- Opening Delimiter -
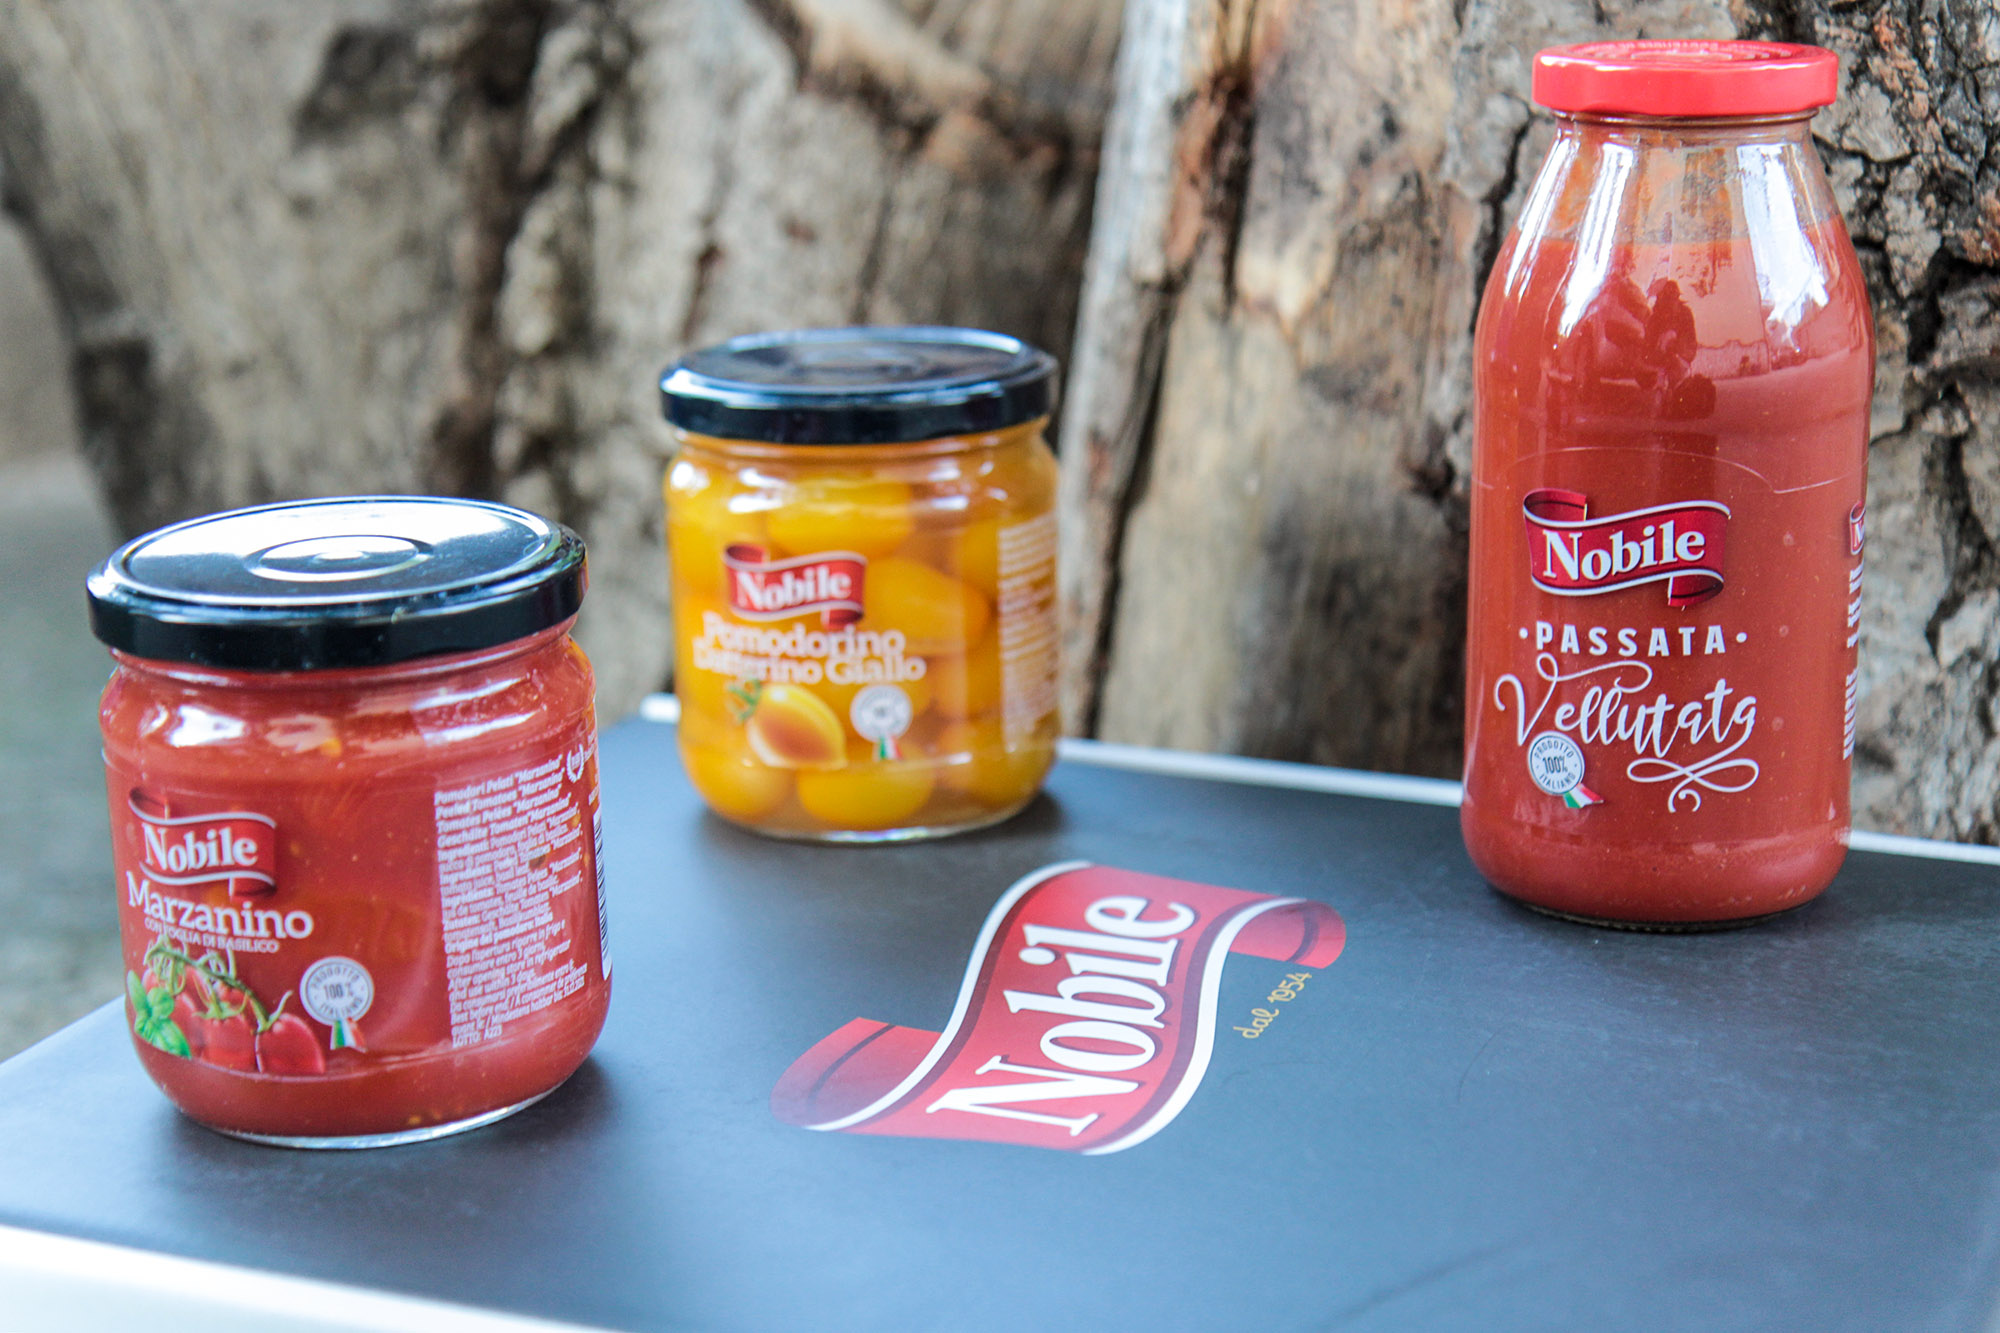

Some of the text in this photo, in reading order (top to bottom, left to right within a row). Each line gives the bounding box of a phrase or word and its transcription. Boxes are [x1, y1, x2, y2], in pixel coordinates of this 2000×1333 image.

[1543, 520, 1706, 582] Nobile
[736, 565, 853, 611] Nobile
[702, 611, 907, 658] Pomodorino
[1536, 620, 1727, 657] PASSATA
[824, 652, 928, 685] Giallo
[1494, 653, 1760, 812] Vellutata
[1534, 740, 1575, 759] PRODOTTO
[1540, 772, 1576, 790] ITALIANO
[1542, 755, 1569, 774] 100%
[142, 821, 258, 873] Nobile
[126, 870, 315, 940] Marzanino
[201, 934, 217, 949] DI
[925, 894, 1198, 1137] Nobile
[1232, 972, 1314, 1040] dal 1954
- Closing Delimiter -
▶ **What the exercise asks**:
Reproduce every entry exactly, but omit each picture.

▶ **Written response**:
Some of the text in this photo, in reading order (top to bottom, left to right within a row). Each line gives the bounding box of a phrase or word and its transcription. Boxes are [x1, y1, x2, y2], in pixel coordinates of this 2000×1333 image.

[1543, 520, 1706, 582] Nobile
[736, 565, 853, 611] Nobile
[702, 611, 907, 658] Pomodorino
[1536, 620, 1727, 657] PASSATA
[824, 652, 928, 685] Giallo
[1494, 653, 1760, 812] Vellutata
[1534, 740, 1575, 759] PRODOTTO
[1540, 772, 1576, 790] ITALIANO
[1542, 755, 1569, 774] 100%
[142, 821, 258, 873] Nobile
[126, 870, 315, 940] Marzanino
[201, 934, 217, 949] DI
[925, 894, 1198, 1137] Nobile
[1232, 972, 1314, 1040] dal 1954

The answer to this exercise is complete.